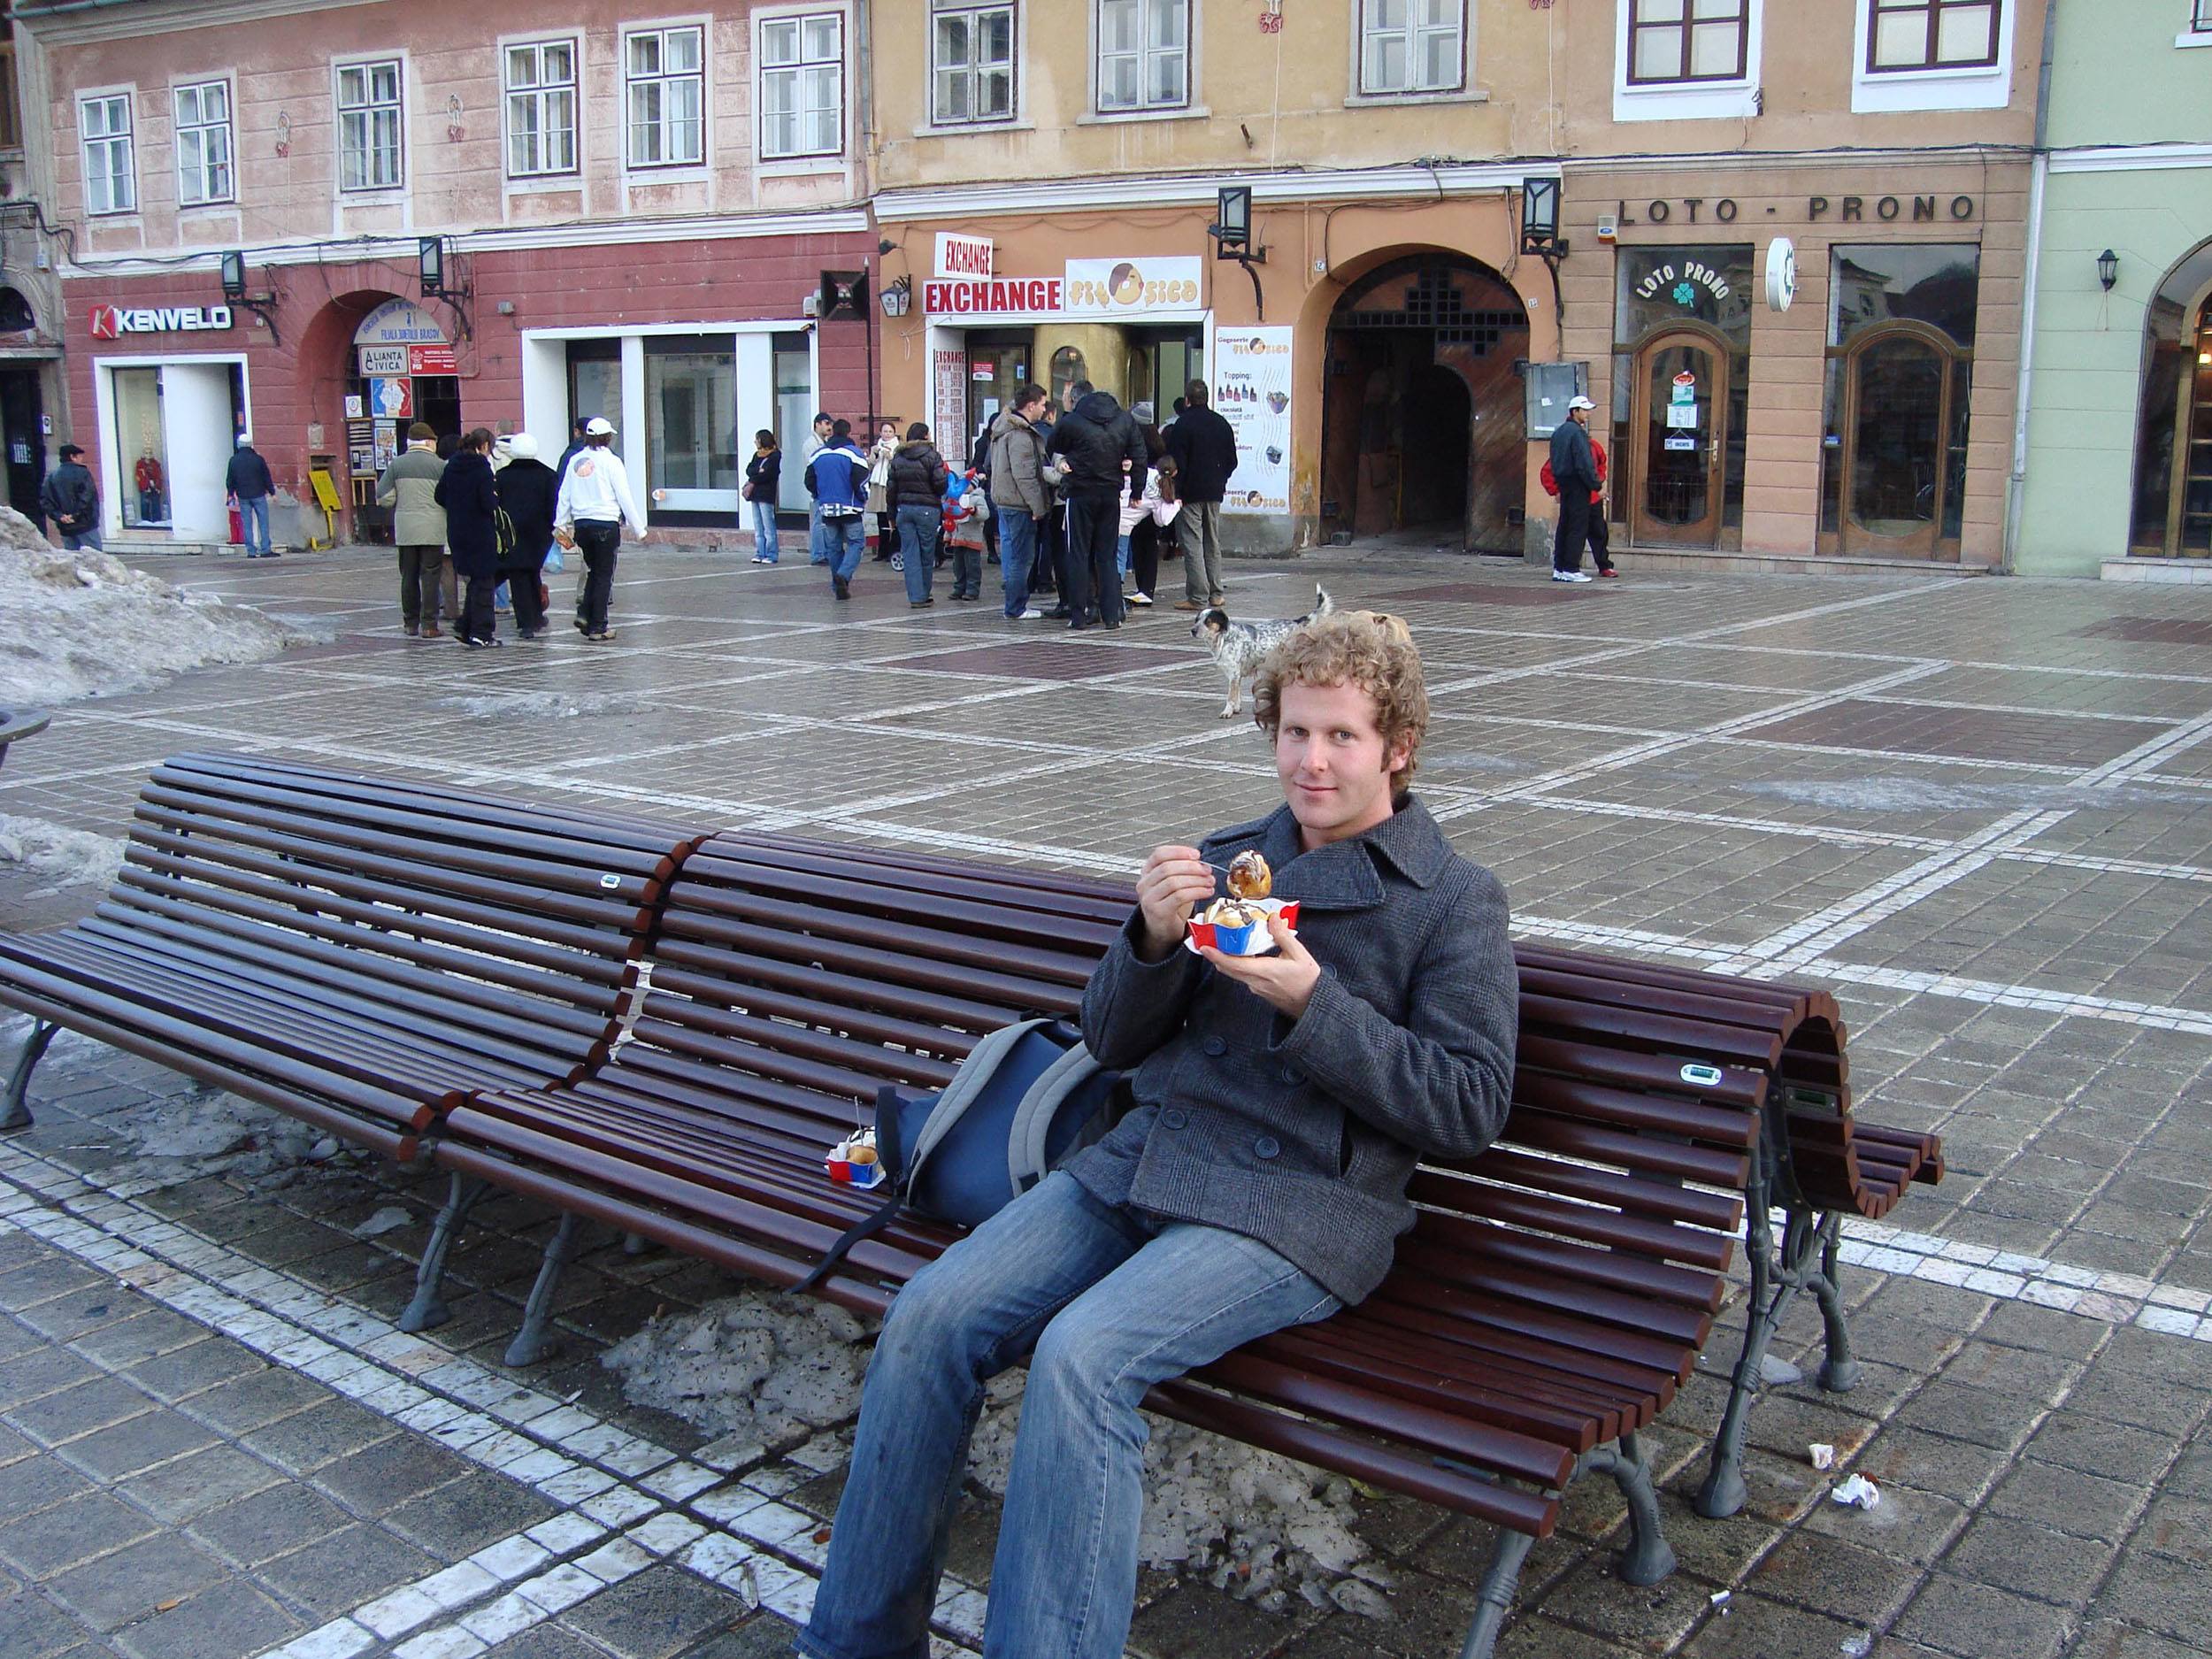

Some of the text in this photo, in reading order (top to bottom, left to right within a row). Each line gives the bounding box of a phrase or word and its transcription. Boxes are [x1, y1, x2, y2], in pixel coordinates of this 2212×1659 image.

[1617, 198, 1738, 226] LOTO
[1809, 195, 1974, 221] PRONO
[946, 240, 991, 276] EXCHANGE
[926, 280, 1061, 312] EXCHANGE
[1636, 261, 1730, 300] LOTO PRONO
[116, 306, 232, 333] KENVELO
[365, 361, 401, 371] CIVICA

→ Aim of the exercise
Everything in the entries above should be returned exactly, apart from the pictures.

→ Finished task
Some of the text in this photo, in reading order (top to bottom, left to right within a row). Each line gives the bounding box of a phrase or word and its transcription. Boxes are [x1, y1, x2, y2], in pixel coordinates of this 2212×1659 image.

[1617, 198, 1738, 226] LOTO
[1809, 195, 1974, 221] PRONO
[946, 240, 991, 276] EXCHANGE
[926, 280, 1061, 312] EXCHANGE
[1636, 261, 1730, 300] LOTO PRONO
[116, 306, 232, 333] KENVELO
[365, 361, 401, 371] CIVICA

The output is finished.